Mikhel and Kadamovas were among 37 criminals whose death sentences Biden commuted to life without parole. Biden did not commute the sentences of three other men on federal death row convicted of mass murder and terrorism: Robert Bowers, convicted of the 2018 mass shooting at a Pittsburgh synagogue; Dzhokhar Tsarnaev, convicted of the 2013 Boston Marathon bombing; and Dylann Roof, convicted of the 2015 mass shooting at a black church in Charleston, South Carolina.
“Make no mistake: I condemn these murderers, I grieve for the victims of their despicable actions, and I ache for all the families who have suffered unimaginable and irreparable losses,” Biden said in a statement. “I am more convinced than ever that we must end the use of the death penalty at the federal level. »
Soviet-born immigrants Mikhel and Kadamovas hatched the kidnapping plot while working at an aquarium store on Ventura Boulevard.
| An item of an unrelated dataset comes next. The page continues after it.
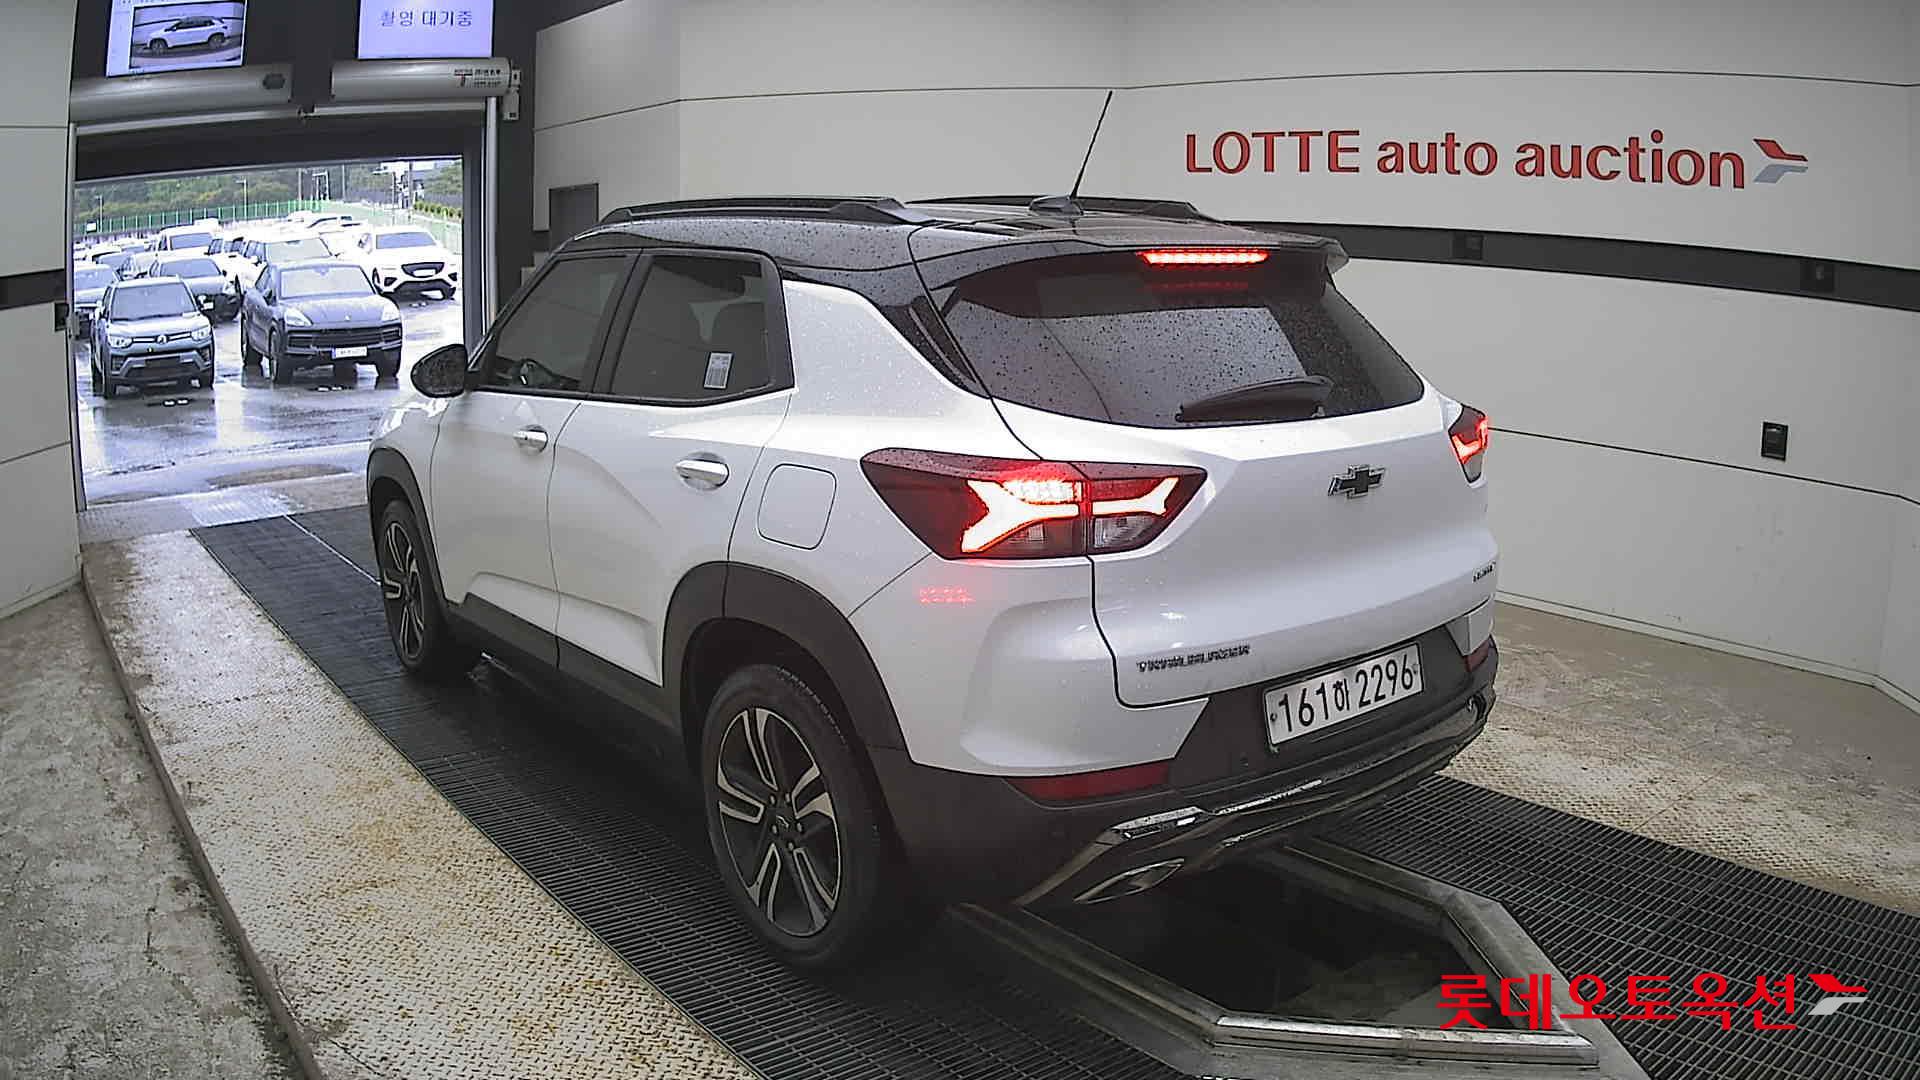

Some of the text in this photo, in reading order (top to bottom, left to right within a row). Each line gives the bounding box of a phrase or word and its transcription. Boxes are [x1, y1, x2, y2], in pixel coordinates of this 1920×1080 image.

[422, 10, 473, 28] 대기중
[1185, 128, 1745, 190] LOTTE auto auction
[1354, 653, 1414, 709] 2296
They kidnapped five people over a four-month period beginning in 2001.
They lured their victims with business offers and demanded more than $5.5 million from victims’ family members. They received more than a million dollars in ransom, but still killed their victims by strangulation.
The two men went to New Melones Reservoir near Yosemite to dump the bodies.
Their victims were Nick Kharabadze, 29, of Woodland Hills; Alexander Umansky, 35, of Sherman Oaks; Rita Pekler, 39, of West Hollywood; George Safiev, 37, of Beverly Hills; and Meyer Muscatel, 58, of Sherman Oaks.
Once behind bars, Mikhel hatched several escape plans, including a plan to use a bolt cutters, a pepper shaker, a rake and fence cutters to escape from a detention center in San Bernardino and fleeing with Kadamovas on a motorbike. But a letter detailing the plot was found in a trash bin by a guard and the plan was foiled.
President-elect Donald Trump has pledged to expand the death penalty to “drug and human traffickers.” During Trump’s first term, 13 inmates were executed on federal death row, resuming federal executions after about 20 years.
At the end of his first term, Trump commuted the sentences of 70 people and pardoned 73 others, including former campaign and White House adviser Stephen K. Bannon, who was charged with federal fraud and money laundering of money as part of a scheme to defraud supporters of building a border wall with Mexico.